▶ **WHAT YOU NEED TO DO**:
Make an exact copy of every entry below, with the pictures left out.

[Text-to-region grounding data]
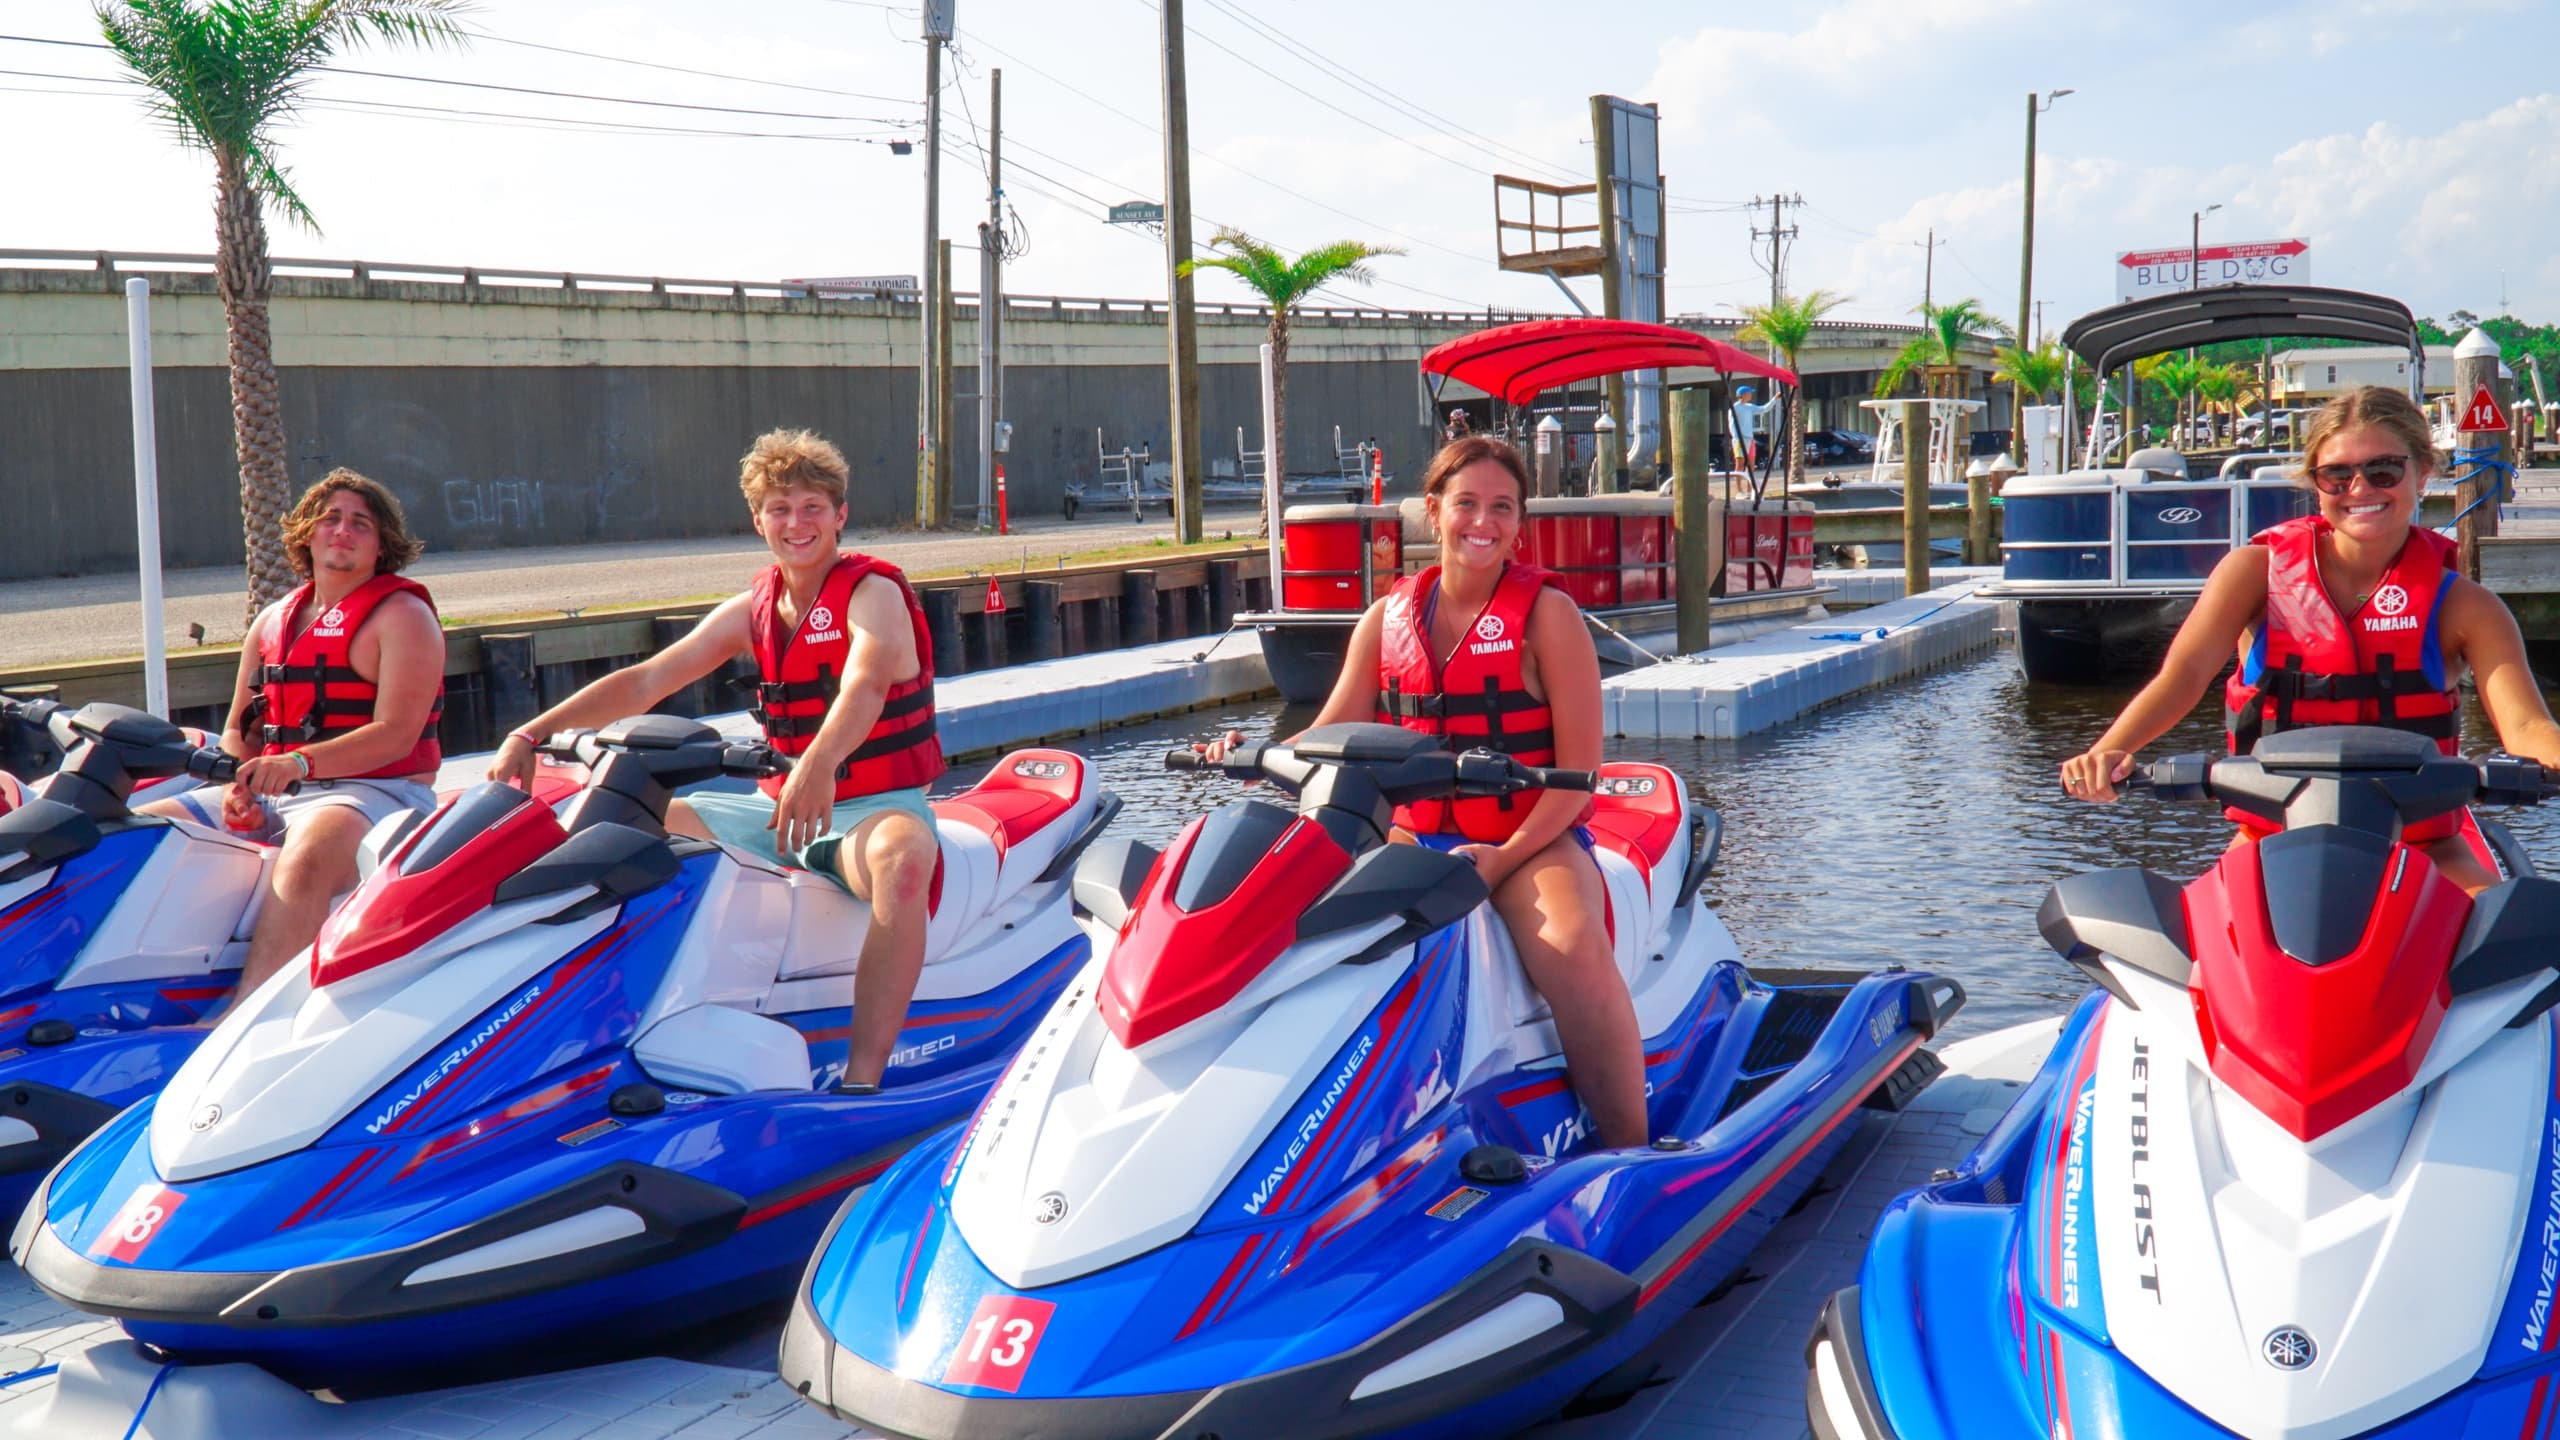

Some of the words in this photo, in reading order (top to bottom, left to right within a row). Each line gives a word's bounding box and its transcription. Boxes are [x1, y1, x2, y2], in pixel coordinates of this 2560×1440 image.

[1115, 211, 1142, 219] SUNSET
[1144, 210, 1158, 218] AVE
[2251, 243, 2281, 251] SPRINGS
[2138, 262, 2208, 286] BLUE
[2473, 405, 2493, 425] 14
[314, 628, 344, 637] YAMAHA
[2363, 615, 2418, 632] YAMAHA
[804, 629, 842, 645] YAMAHA
[1470, 639, 1514, 656] YAMAHA
[365, 985, 541, 1134] WAVERUNNER
[888, 1034, 956, 1068] MITED
[1243, 1035, 1373, 1215] WAVERUNNER
[2131, 1036, 2162, 1305] JETBLAST
[2063, 1089, 2095, 1309] WAVERUNNER
[967, 1314, 1034, 1367] 13
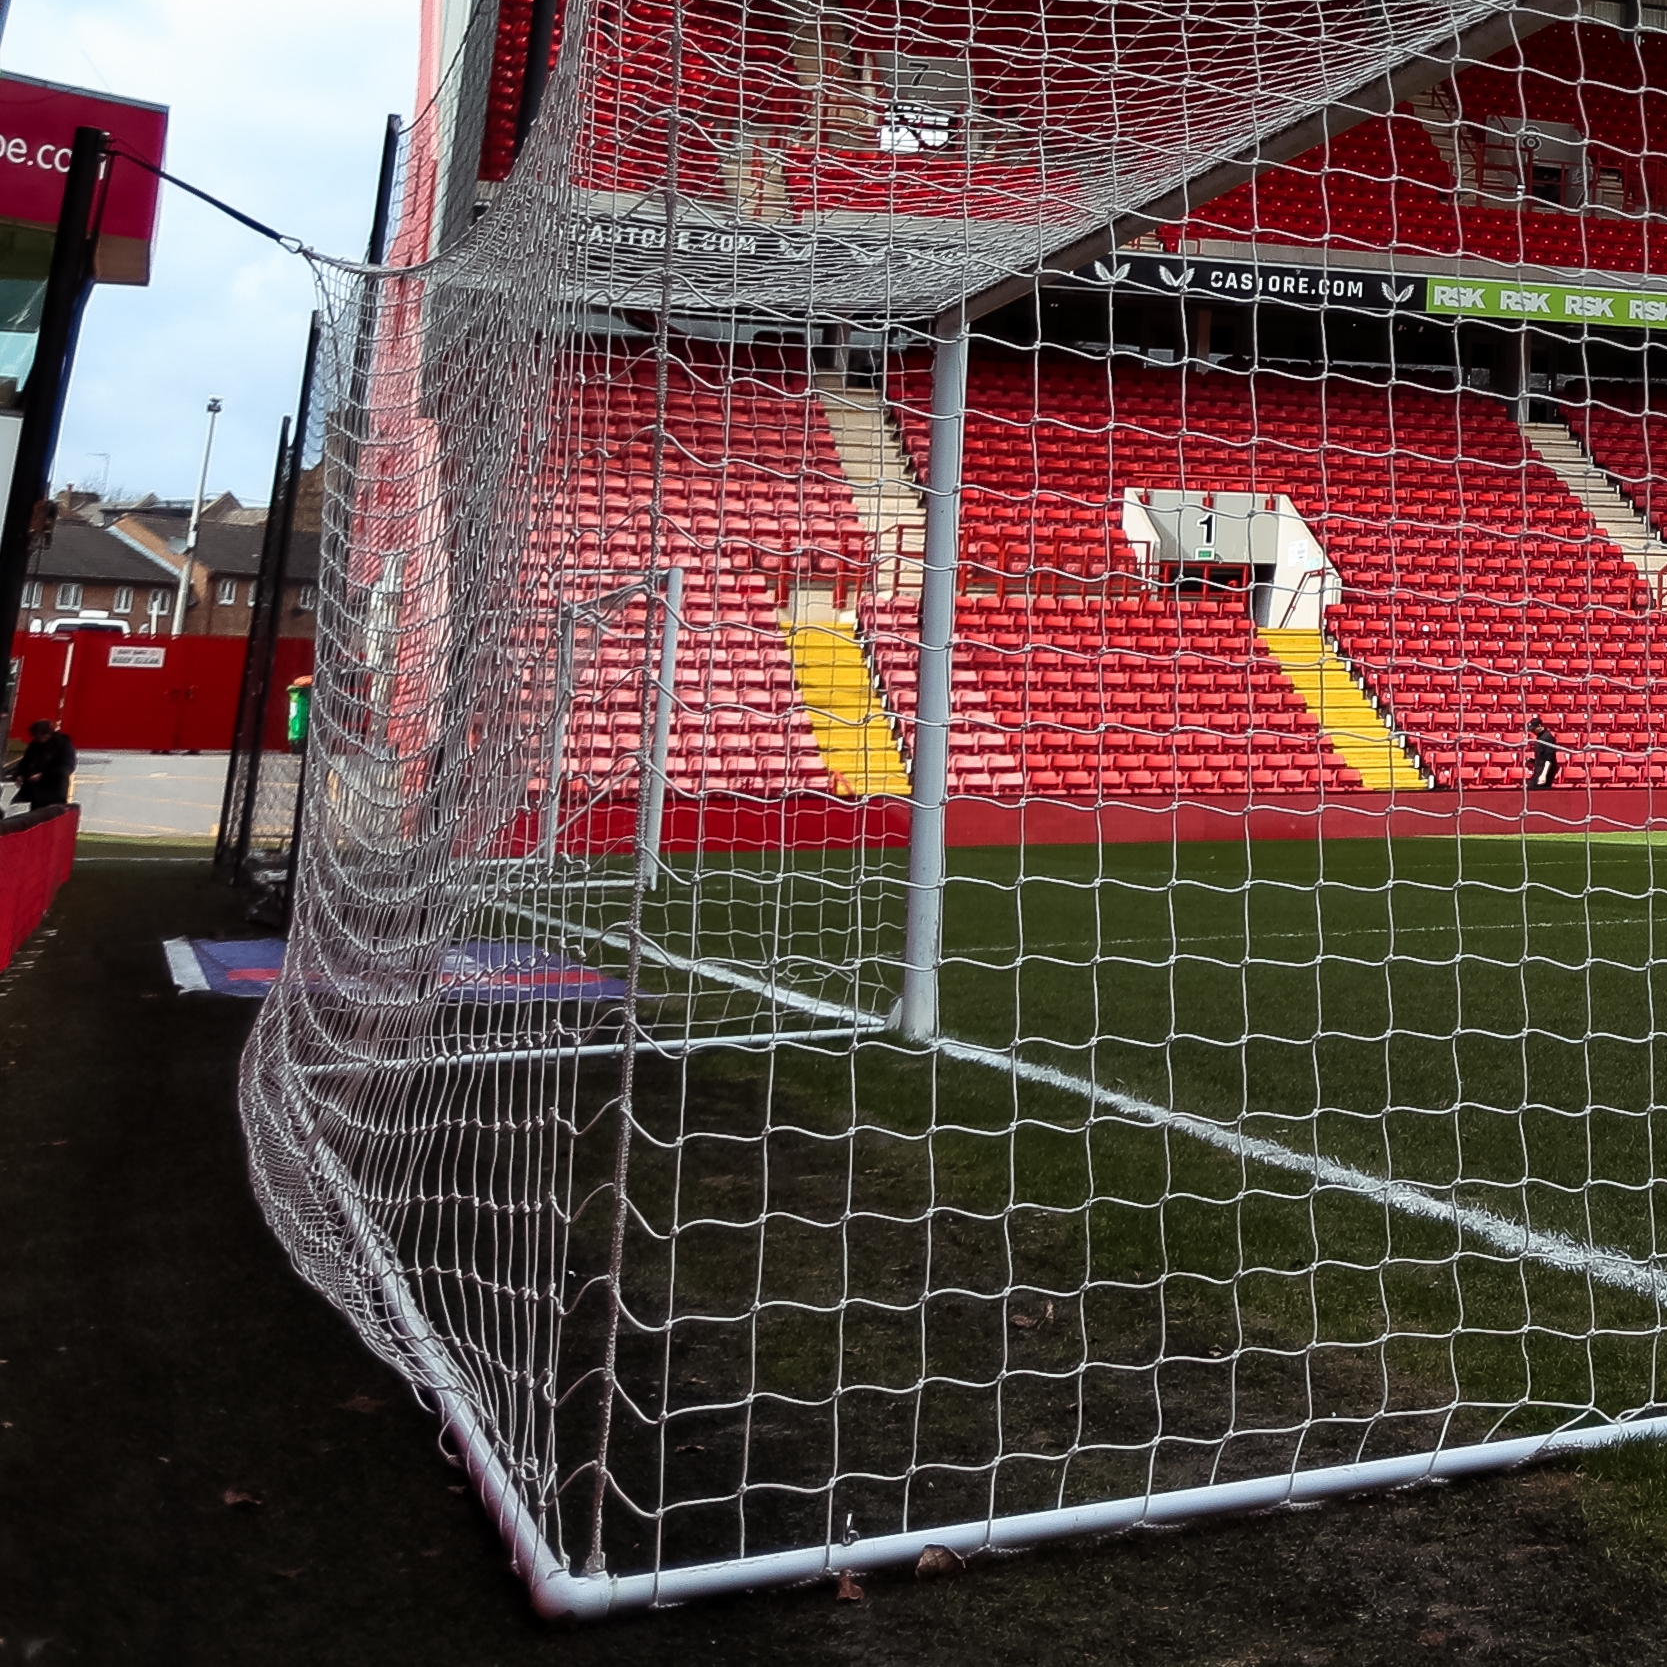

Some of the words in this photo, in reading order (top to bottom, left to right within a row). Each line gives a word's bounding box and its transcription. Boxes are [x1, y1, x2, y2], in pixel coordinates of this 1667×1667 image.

[907, 61, 930, 86] 7
[1434, 286, 1485, 309] RSK
[1500, 292, 1550, 314] RSK
[1565, 296, 1614, 318] RSK
[1199, 514, 1214, 544] 1
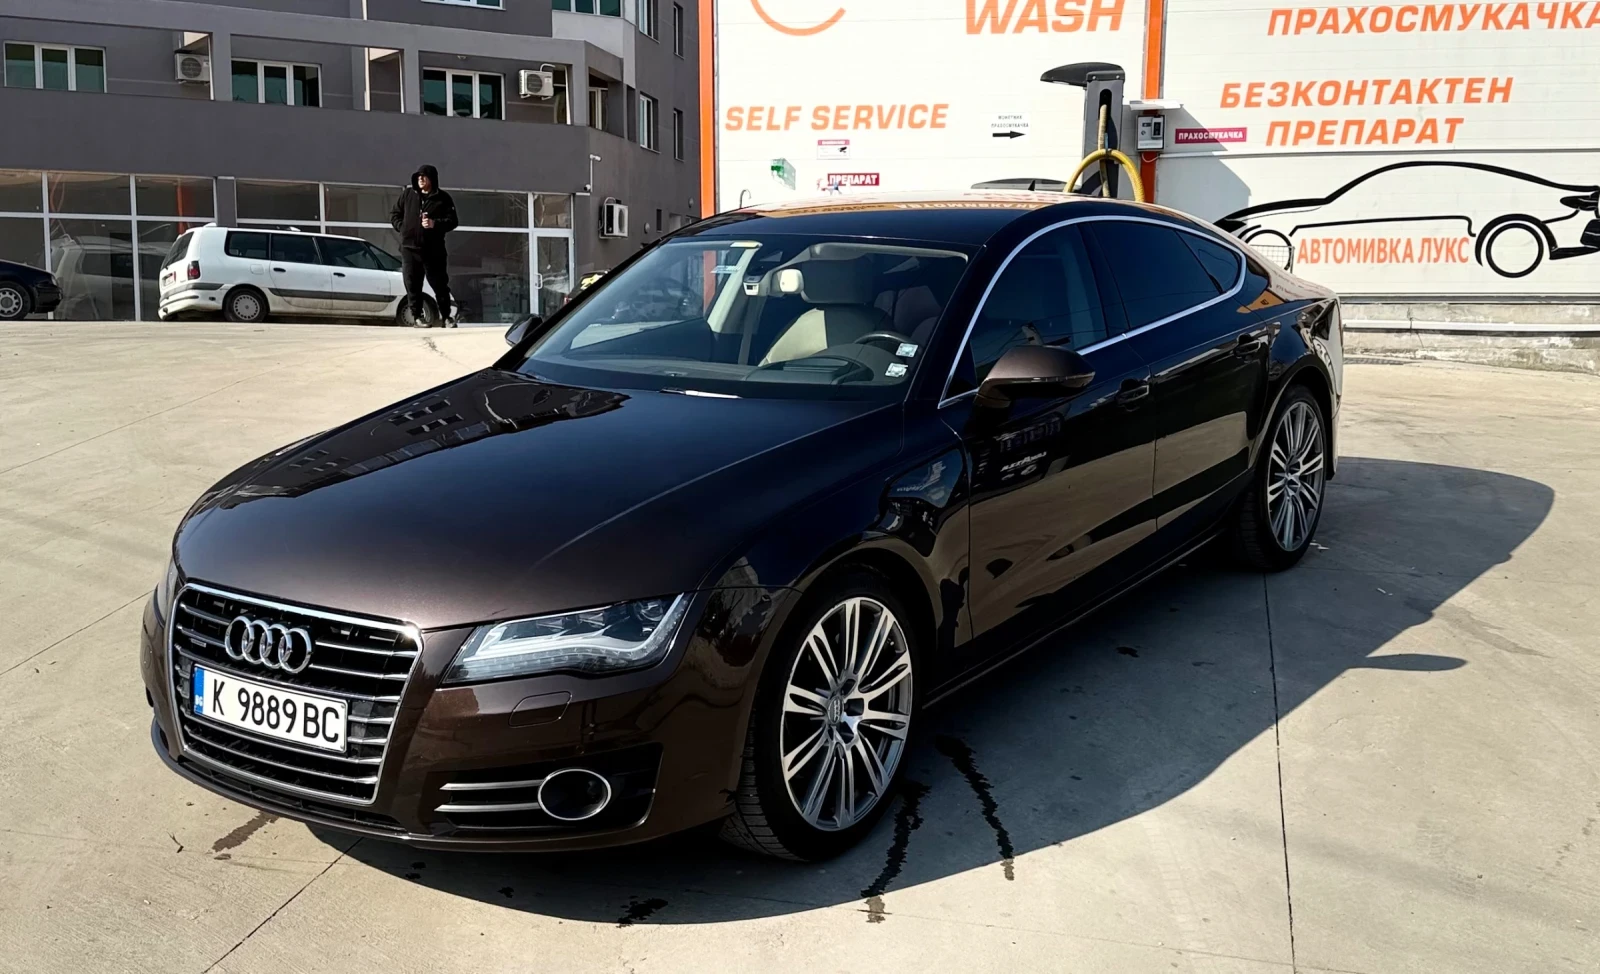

▶ **TASK OUTPUT**:
Some of the words in this photo, in reading order (top to bottom, left to right within a row). Each line gives a word's bounding box and its transcription. Boxes are [x1, y1, x2, y2], in pixel coordinates of this 2560×1440 image.

[1115, 211, 1142, 219] SUNSET
[1144, 210, 1158, 218] AVE
[2251, 243, 2281, 251] SPRINGS
[2138, 262, 2208, 286] BLUE
[2473, 405, 2493, 425] 14
[314, 628, 344, 637] YAMAHA
[2363, 615, 2418, 632] YAMAHA
[804, 629, 842, 645] YAMAHA
[1470, 639, 1514, 656] YAMAHA
[365, 985, 541, 1134] WAVERUNNER
[888, 1034, 956, 1068] MITED
[1243, 1035, 1373, 1215] WAVERUNNER
[2131, 1036, 2162, 1305] JETBLAST
[2063, 1089, 2095, 1309] WAVERUNNER
[967, 1314, 1034, 1367] 13

Some of the words in this photo, in reading order (top to bottom, left to right within a row). Each line gives a word's bounding box and its transcription. Boxes are [x1, y1, x2, y2], in pixel coordinates of this 1667×1667 image.

[907, 61, 930, 86] 7
[1434, 286, 1485, 309] RSK
[1500, 292, 1550, 314] RSK
[1565, 296, 1614, 318] RSK
[1199, 514, 1214, 544] 1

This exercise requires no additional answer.